The following summer the family rented a nearby cottage. Singers have been coming to northern Lake George every summer since then.
In honor of that legacy, George Singer, his three children – Rob Singer, Lauren Waite and Margaret Huffman – and his nine grandchildren – have created and endowed the George C. Singer Fund at the Lake George Land Conservancy to support annual internships at the Bolton Landing-based organization.
According to Jamie Brown, Executive Director of the Lake George Land Conservancy, the George C. Singer interns will work in a variety of areas, most notably stewardship and education.
George Singer served on the board of the Lake George Land Conservancy from 1997 through 2004. His son Rob was elected to the board in 2003. After a brief absence, he returned to the board in 2017.
This year, the two shared the organization’s Henry M. Rowan Conservation Award.
Established by the Conservancy to honor Henry Rowan, who led the effort to establish the Margaret Boyd Rowan Preserve on northern Lake George in 1990, the award recognizes outstanding contributions to the protection of Lake George.
Rob Singer accepted the award on behalf of his father and himself on August 20 at the organization’s annual President’s Reception, held this year at Federal Hill Farm in Bolton Landing.
It was presented by Virginia Rowan Smith, Henry Rowan’s daughter.
“The Singer family’s conservation ethic, extending across four or five generations, is a sign to all of us that the future of the land that protects the lake we love so much is in good hands,” said Smith.
“My father and my late mother, Gloria B. Singer, shared a passion for Lake George which they passed on to my sisters and me and which I hope I’m passing on to my kids,” said Rob Singer.

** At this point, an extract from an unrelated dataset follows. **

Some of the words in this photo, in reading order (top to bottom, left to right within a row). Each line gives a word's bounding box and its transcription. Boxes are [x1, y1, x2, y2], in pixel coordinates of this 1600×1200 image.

Singer noted that in the Lake George Land Conservancy’s early years, “it was just a group of people, including Ginny Smith and my father, identifying properties and committing themselves to buying them to protect the lake without a great deal of backing. It was the wild west. But thanks to people like Hank Rowan, who came to this group’s rescue any number of times, the Lake George Land Conservancy now rests on a strong foundation. It is a privilege to be a part of that. I’m proud to accept this award on behalf of my father and myself, but primarily on behalf of my father, on whose coat tails I still feel I ride,” said Singer.

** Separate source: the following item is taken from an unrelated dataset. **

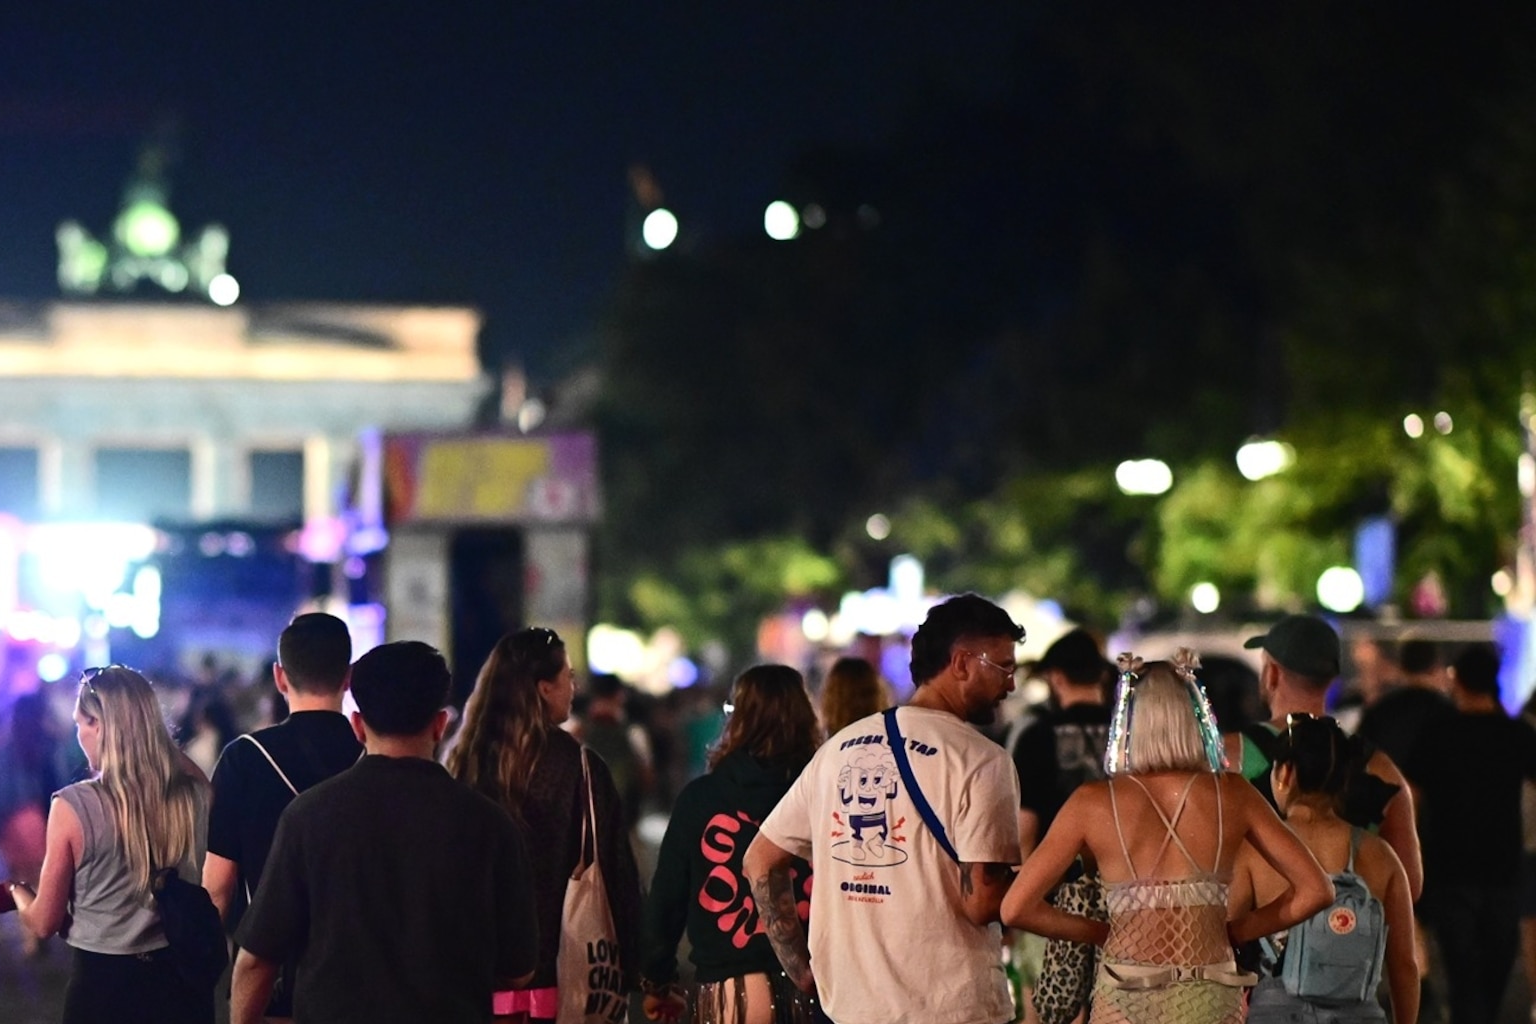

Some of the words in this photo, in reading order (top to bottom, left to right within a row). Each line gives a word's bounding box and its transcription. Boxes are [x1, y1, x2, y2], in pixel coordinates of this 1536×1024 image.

[840, 735, 884, 751] FRESH
[909, 740, 938, 756] TAP
[587, 939, 620, 965] LOV
[588, 966, 622, 994] CHA

Anyone wishing to honor George Singer by contributing to the fund supporting the George C. Singer Internships may mail a check to the Lake George Land Conservancy. The Lake George Land
Conservancy also honored two new members of the Apperson Society, which the Conservancy created in order to recognize its most generous donors.

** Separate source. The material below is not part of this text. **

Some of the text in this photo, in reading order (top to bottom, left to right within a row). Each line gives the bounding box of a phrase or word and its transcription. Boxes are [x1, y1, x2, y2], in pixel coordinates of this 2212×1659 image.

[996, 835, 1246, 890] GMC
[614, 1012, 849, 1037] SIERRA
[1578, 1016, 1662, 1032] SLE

This year’s inductees were Jenny Brorsen and her husband, Rich DeMartini, of Hemlock Point, and Rick and Paula Dhein of northern Lake George.
Carl Heilman, who was the 2020 winner of the Henry M. Rowan Conservation award but prevented by the pandemic from accepting it in person, was also recognized.
The event’s sponsors were Craig and Laura Treiber and Will Bixby, whose grandfather, Ralph Bixby, purchased the Federal Hill farm on which his mother Lillian Tuttle grew up and undertook the property’s historic restoration that continues to this day.